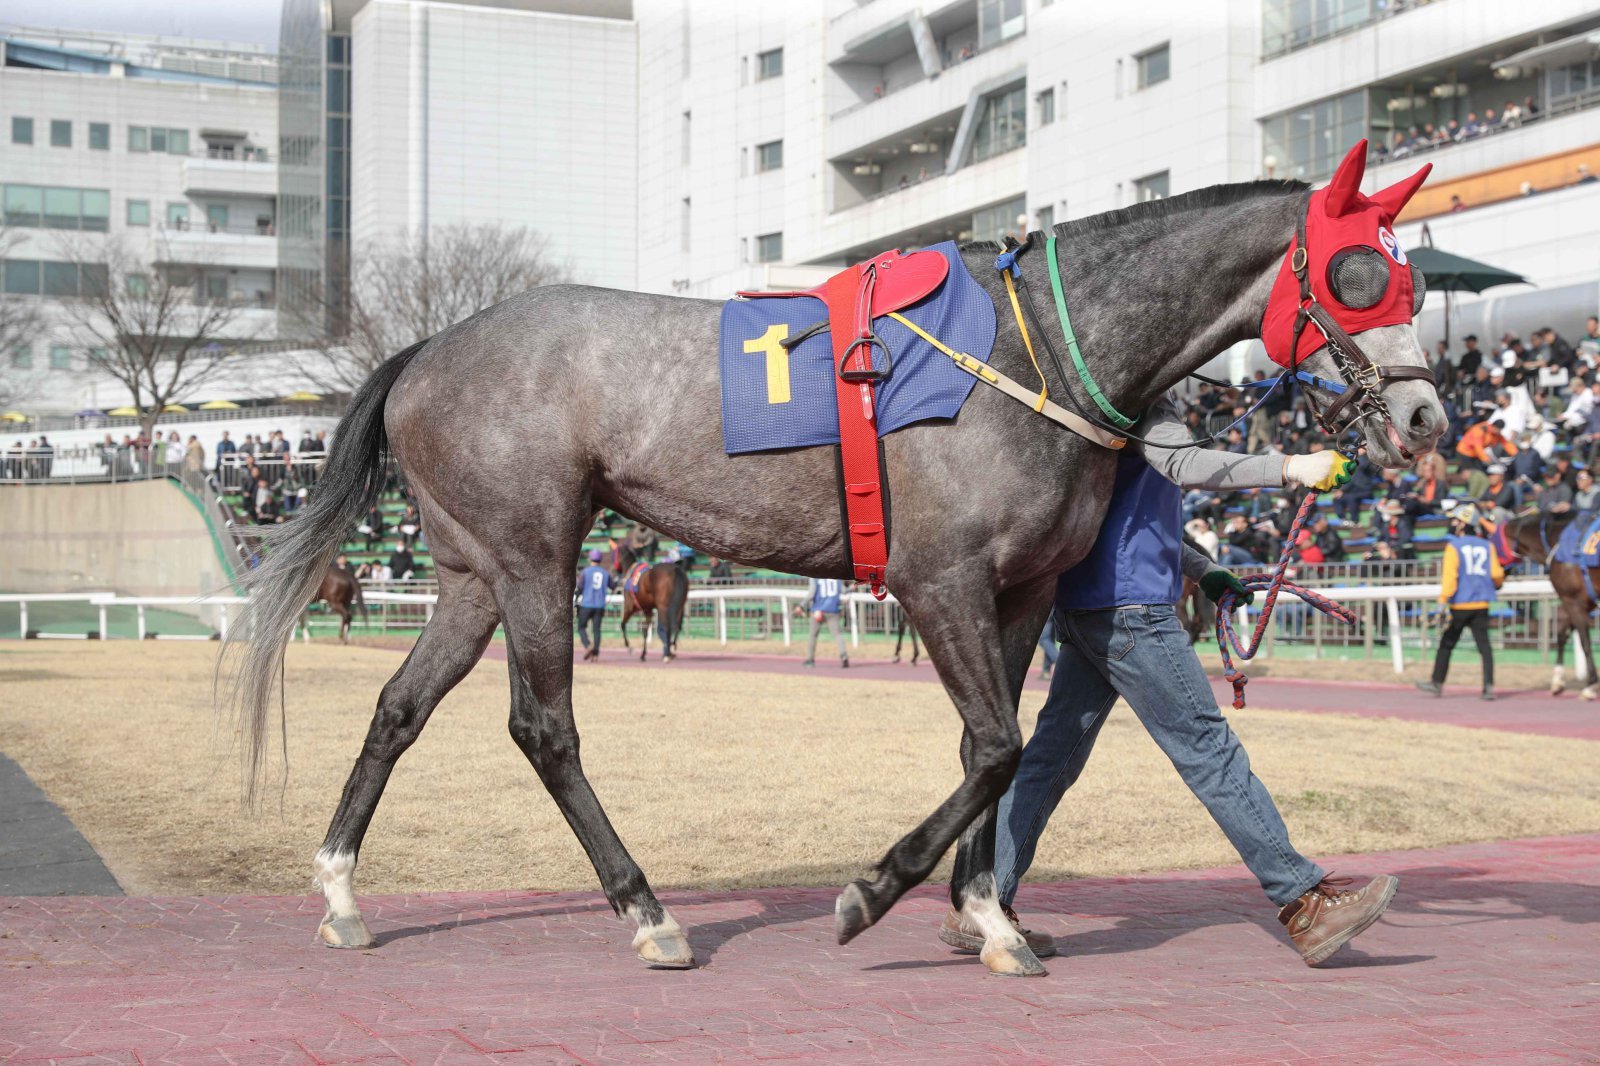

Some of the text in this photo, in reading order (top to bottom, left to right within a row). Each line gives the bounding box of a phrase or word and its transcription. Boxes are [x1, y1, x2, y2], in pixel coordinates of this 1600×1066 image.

[743, 323, 791, 404] 1
[1461, 545, 1487, 576] 12
[593, 572, 603, 590] 9
[818, 579, 838, 598] 10

■ PROBLEM TO SOLVE
Please retype every record exactly, leaving the pictures out.

■ SOLUTION FOR THIS PROBLEM
Some of the text in this photo, in reading order (top to bottom, left to right within a row). Each line gives the bounding box of a phrase or word and its transcription. Boxes are [x1, y1, x2, y2], in pixel coordinates of this 1600×1066 image.

[743, 323, 791, 404] 1
[1461, 545, 1487, 576] 12
[593, 572, 603, 590] 9
[818, 579, 838, 598] 10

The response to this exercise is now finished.